This post is the extended version of Gareth & Nick's sweary rant in episode 9 of The Nick & Gareth Podcast.
Recently, I was reading a listings mag when I happened across a review of a recent New Kids On The Block concert. The reviewer, female and 34 years old, admitted to having had "a massive wide-on for Jordan Knight when I was fourteen". Wow. A 'wide-on'. What a turn of phrase. I've never heard it before. It conjures an image that is all at once both very feminine and very unlady-like.
Less recently, but more pertinently, I submitted our podcast details to the iTunes directory. The application to be listed was rejected. I was notified of this via an email from ABUSE-REPORT@itunes.com. ABUSE REPORT! I felt bad. Like my name was now on some kind of offender's register and that if that register ever got out into public my neighbours would be round, glassing my windows, brandishing placards and baying for blood. The email gave no reasons for the rejection but it did offer some possibilities. I strongly suspect that copyright infringement is the reason, but I preferred to imagine that reason #2 "unsuitably erotic material" was the reason. Nick is the Jordan Knight of the podcast world and I am Mark Wahlberg's less talented brother. Turn on, Tune In, Wide On.

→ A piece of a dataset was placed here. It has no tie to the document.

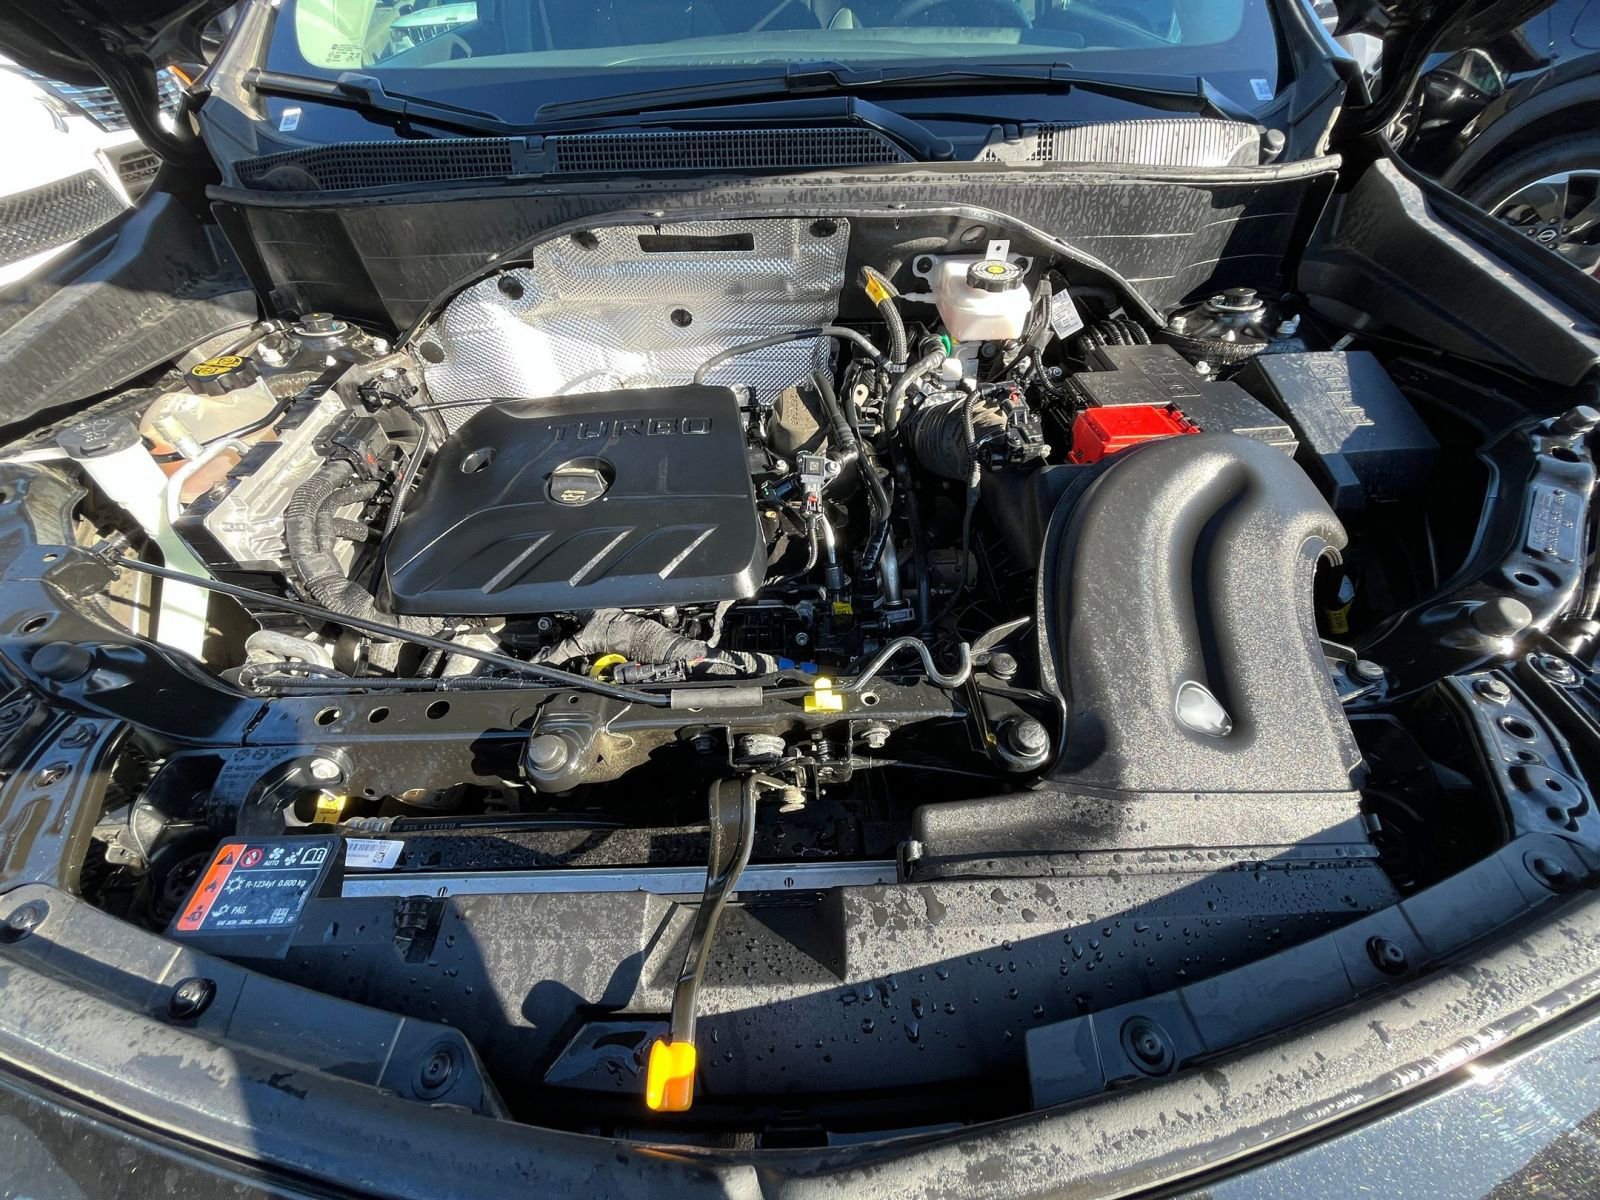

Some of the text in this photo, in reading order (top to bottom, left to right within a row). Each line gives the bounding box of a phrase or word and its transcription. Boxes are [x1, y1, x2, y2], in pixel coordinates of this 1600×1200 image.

We kinda knew that the podcast would be rejected anyway, we were hoping it might slip thru the net due to a lack of diligence on the part of an Apple employee. We are aware that we're trampling on copyright laws and there is a certain amount of guilt attached to that, but we console ourselves with the argument that, generally speaking, the music that we're making available isn't actually available online anywhere else. It was my intention that after each podcast I'd link to the tracks so that anybody listening could easily buy any tracks that they liked. But that didn't prove possible such is the limited nature of iTunes catalogue.
I had a mini-rant in episode 9 about Last.FM and iTunes and Spotify and Myspace Music claiming to have extensive catalogues. There's a claim that "MySpace Music allows users to stream virtually any song ever published for free". Which is so transparently bullshit that it makes me wanna vomit I p'raps shouldn't get so annoyed by marketing bullshit like this, but I do.
Anyway... what we're doing is bringing some dead tunes back to life. (We're keeping the dream alive, man.) It feels like a proud and noble quest.
Even when we've been playing tunes that are available to legally download anecdotal evidence has shown that folks who have liked a tune we've played in the pod have gone and purchased the song after hearing it. Which is nice. It would be lovely if that was always possible.